Read the Wonk Room’s series of reports from the international climate talks in Cancun, Mexico.
Opposition to global action on climate pollution has created strange bedfellows, with the radical right in the United States joining the radical left in Bolivia against the rest of the world. The negotiations to deal with global warming in Cancun, Mexico, came to a successful conclusion, with 193 of 194 nations adopting a framework for both reducting greenhouse pollution and dealing with its deadly impacts. At the end of the conference, the Plurinational State of Bolivia stood alone in its failed attempt to veto the agreement.

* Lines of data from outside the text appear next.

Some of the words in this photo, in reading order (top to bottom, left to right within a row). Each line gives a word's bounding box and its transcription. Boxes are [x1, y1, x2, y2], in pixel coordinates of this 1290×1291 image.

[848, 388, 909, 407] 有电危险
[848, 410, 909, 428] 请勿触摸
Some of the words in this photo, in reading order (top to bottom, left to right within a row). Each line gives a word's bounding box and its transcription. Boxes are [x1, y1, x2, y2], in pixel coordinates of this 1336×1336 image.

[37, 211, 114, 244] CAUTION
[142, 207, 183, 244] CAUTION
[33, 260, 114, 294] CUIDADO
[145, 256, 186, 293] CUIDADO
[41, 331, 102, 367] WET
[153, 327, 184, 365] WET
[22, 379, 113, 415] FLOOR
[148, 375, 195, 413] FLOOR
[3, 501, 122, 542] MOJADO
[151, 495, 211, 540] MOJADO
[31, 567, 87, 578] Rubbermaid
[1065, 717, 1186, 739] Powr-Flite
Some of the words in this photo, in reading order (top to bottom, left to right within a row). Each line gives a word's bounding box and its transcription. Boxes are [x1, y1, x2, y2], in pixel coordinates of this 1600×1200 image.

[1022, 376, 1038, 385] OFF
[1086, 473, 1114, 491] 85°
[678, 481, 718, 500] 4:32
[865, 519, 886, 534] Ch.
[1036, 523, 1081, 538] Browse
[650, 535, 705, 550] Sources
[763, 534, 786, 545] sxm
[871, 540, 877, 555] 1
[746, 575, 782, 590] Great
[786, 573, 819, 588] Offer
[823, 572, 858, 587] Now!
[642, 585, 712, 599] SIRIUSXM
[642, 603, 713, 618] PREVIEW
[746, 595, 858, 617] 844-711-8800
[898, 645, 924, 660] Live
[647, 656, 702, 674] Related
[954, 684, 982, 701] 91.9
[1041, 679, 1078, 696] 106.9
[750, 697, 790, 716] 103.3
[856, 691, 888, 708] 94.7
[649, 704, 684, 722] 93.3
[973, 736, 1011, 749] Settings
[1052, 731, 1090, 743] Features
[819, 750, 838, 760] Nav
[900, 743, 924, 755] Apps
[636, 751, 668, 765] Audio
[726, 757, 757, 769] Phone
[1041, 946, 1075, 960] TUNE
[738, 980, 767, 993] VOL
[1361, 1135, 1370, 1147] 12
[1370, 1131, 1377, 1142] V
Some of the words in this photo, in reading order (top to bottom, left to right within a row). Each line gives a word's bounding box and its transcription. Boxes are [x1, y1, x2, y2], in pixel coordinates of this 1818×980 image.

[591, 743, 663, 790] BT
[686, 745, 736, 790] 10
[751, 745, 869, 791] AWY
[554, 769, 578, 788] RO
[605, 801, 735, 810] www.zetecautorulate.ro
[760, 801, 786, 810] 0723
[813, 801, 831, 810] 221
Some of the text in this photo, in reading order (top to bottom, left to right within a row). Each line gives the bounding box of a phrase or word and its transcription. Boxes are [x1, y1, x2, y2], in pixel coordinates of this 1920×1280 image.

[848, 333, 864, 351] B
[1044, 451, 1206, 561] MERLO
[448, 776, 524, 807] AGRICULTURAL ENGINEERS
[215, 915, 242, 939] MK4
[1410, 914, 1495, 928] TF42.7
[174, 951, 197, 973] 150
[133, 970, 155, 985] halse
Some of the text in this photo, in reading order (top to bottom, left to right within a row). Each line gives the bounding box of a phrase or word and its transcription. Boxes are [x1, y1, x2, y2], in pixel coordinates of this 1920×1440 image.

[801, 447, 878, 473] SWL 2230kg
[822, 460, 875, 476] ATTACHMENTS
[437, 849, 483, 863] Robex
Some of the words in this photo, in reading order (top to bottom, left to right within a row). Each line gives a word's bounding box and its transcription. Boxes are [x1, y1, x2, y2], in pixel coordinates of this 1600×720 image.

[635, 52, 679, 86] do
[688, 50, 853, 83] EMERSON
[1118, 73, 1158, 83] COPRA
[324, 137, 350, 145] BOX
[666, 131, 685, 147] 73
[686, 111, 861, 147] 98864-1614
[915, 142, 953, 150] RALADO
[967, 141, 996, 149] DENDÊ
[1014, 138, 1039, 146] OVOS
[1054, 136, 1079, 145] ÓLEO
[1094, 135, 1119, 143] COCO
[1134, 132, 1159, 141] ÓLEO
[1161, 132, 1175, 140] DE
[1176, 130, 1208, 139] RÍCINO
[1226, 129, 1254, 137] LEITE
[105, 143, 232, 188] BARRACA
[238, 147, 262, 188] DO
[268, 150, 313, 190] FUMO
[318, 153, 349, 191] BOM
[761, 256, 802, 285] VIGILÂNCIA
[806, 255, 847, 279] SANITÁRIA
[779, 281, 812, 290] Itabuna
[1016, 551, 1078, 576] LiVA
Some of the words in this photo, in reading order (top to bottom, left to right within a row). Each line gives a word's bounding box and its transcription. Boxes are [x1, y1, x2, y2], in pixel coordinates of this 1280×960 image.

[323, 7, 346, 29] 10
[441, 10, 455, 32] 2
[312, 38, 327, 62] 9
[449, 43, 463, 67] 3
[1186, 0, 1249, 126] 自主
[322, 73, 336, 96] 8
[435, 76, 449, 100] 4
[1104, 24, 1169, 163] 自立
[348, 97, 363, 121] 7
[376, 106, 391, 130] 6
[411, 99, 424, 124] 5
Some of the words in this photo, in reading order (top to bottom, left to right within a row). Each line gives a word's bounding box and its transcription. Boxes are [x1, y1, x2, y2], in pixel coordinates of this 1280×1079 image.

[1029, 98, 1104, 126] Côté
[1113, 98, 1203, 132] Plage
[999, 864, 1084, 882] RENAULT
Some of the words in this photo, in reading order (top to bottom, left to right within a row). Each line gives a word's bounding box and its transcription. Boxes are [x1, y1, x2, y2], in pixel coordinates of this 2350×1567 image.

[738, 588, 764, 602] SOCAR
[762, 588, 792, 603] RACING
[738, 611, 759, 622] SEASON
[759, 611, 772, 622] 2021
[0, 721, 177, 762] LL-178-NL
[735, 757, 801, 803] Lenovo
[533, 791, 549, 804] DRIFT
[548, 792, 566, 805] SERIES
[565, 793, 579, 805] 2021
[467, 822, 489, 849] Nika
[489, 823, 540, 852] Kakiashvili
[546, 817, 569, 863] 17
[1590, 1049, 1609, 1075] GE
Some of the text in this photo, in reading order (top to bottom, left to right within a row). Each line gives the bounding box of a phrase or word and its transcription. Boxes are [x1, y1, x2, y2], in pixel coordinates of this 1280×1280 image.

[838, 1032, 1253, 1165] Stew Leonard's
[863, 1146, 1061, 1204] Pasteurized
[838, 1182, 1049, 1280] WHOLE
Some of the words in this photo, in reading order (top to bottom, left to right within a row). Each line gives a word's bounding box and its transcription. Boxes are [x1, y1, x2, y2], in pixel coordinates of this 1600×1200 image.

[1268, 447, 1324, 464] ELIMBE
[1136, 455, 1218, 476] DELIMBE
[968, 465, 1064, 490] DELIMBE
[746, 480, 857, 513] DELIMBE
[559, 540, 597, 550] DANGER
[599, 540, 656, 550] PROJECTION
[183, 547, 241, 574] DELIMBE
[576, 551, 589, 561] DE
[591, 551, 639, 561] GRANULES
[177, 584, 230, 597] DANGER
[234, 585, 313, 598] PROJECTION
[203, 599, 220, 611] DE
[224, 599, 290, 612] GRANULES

Bolivian President Evo Morales used the conference as a stage to solidify his position with the populist left in Latin America. On Thursday, Morales came to Cancun and rallied with representatives of the world’s indigenous peoples and the peasant movement Via Campesina, a global coalition representing 150 million small farmers, who fear the United Nations’ market-based approach to solving global warming. Bolivia’s posturing against international agreement included a passionate defense of small island states and African nations, who are most threatened by global warming — even though those nations unanimously supported the Cancun agreements. Bolivia’s position that no progress is better than insufficient progress rang false to those who had the most at stake.
Back in the United States, the Republican Party and conservative ideologues attacked the climate negotiations, using similarly extreme arguments. Sen. Jim Inhofe (R-OK) led a group of Republican senators attacking the scientific basis for protecting the most vulnerable people in the world from global warming. Fox News, owned by billionaire Rupert Murdoch and Saudi prince Alwaleed bin Talal, ran multiple segments arguing the United Nations wants to destroy free-market capitalism in the name of climate change. The Koch Industries tea-party group Americans For Prosperity claimed climate scientists “never met a regulation on mankind they didn’t like.”
Bolivia offered its own submission for what the negotiators in Cancun should accept, an eight-page document calling for an end to the “activities of warfare” and a demand that “ecological functions of Mother Earth will not be commodified in order to guarantee the rights of nature.” While the end of war is an admirable goal and respect for nature an important value, they can’t be mandated by a United Nations convention on global warming pollution. This juvenile approach to international politics resembled nothing so much as a speech by Sarah Palin, whose pronouncements on climate change and energy policy call for “true free market approach to energy independence that allowed us to finally drill” and “the right to tap into the hungry markets flowing our resources flowing into those hungry markets.”
In the United States, Republican officials, conservative groups, and industrial polluters have launched a series of legal assaults on climate policy, hoping to reverse the progress made under the Obama administration. Today, Bolivia announced it would attempt to reverse the Cancun accords in international court.
Bolivia’s hardline left-wing ideology, rejecting anything that had to do with capitalism or compromise in the name of “Mother Earth,” ends up being eerily similar to the right-wing propaganda of American conservatives. Both purport to represent disaffected people — whether the peasant farmer or the Tea Party conservative. Both string together emotionally laden catchphrases that merge fact with belief in order to satisfy a foregone conclusion that nothing should be done to fight global warming pollution. Both have put their pursuit of power ahead of the interests of human civilization. Both are willing to sacrifice progress for politics. The Republican Party has become an organ of political ideologues, and like the Bolivian government, now has little to offer when it comes to actually addressing the very real challenges that face our world.